Work to be completed: What is needed is an exact copy of all the records, written out in full.

►

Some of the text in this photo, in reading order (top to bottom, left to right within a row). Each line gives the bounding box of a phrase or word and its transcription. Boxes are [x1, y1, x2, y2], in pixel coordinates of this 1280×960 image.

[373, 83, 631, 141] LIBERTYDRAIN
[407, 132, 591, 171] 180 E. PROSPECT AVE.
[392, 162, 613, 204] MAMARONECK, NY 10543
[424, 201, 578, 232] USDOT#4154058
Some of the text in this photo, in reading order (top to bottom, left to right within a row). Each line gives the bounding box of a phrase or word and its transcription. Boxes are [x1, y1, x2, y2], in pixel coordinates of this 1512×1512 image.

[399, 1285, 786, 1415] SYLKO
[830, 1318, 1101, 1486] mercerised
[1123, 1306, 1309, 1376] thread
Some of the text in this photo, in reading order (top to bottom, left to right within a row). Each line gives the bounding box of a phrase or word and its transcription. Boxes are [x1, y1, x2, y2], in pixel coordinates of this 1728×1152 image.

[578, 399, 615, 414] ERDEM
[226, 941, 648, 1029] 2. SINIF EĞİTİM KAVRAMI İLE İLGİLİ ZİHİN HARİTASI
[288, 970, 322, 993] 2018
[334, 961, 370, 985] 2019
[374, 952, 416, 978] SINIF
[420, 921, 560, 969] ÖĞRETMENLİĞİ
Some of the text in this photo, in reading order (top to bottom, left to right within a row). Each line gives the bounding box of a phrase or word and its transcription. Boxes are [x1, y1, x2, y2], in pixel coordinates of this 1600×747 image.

◄

Output for this task:
Some of the text in this photo, in reading order (top to bottom, left to right within a row). Each line gives the bounding box of a phrase or word and its transcription. Boxes are [x1, y1, x2, y2], in pixel coordinates of this 1280×960 image.

[373, 83, 631, 141] LIBERTYDRAIN
[407, 132, 591, 171] 180 E. PROSPECT AVE.
[392, 162, 613, 204] MAMARONECK, NY 10543
[424, 201, 578, 232] USDOT#4154058
Some of the text in this photo, in reading order (top to bottom, left to right within a row). Each line gives the bounding box of a phrase or word and its transcription. Boxes are [x1, y1, x2, y2], in pixel coordinates of this 1512×1512 image.

[399, 1285, 786, 1415] SYLKO
[830, 1318, 1101, 1486] mercerised
[1123, 1306, 1309, 1376] thread
Some of the text in this photo, in reading order (top to bottom, left to right within a row). Each line gives the bounding box of a phrase or word and its transcription. Boxes are [x1, y1, x2, y2], in pixel coordinates of this 1728×1152 image.

[578, 399, 615, 414] ERDEM
[226, 941, 648, 1029] 2. SINIF EĞİTİM KAVRAMI İLE İLGİLİ ZİHİN HARİTASI
[288, 970, 322, 993] 2018
[334, 961, 370, 985] 2019
[374, 952, 416, 978] SINIF
[420, 921, 560, 969] ÖĞRETMENLİĞİ
Some of the text in this photo, in reading order (top to bottom, left to right within a row). Each line gives the bounding box of a phrase or word and its transcription. Boxes are [x1, y1, x2, y2], in pixel coordinates of this 1600×747 image.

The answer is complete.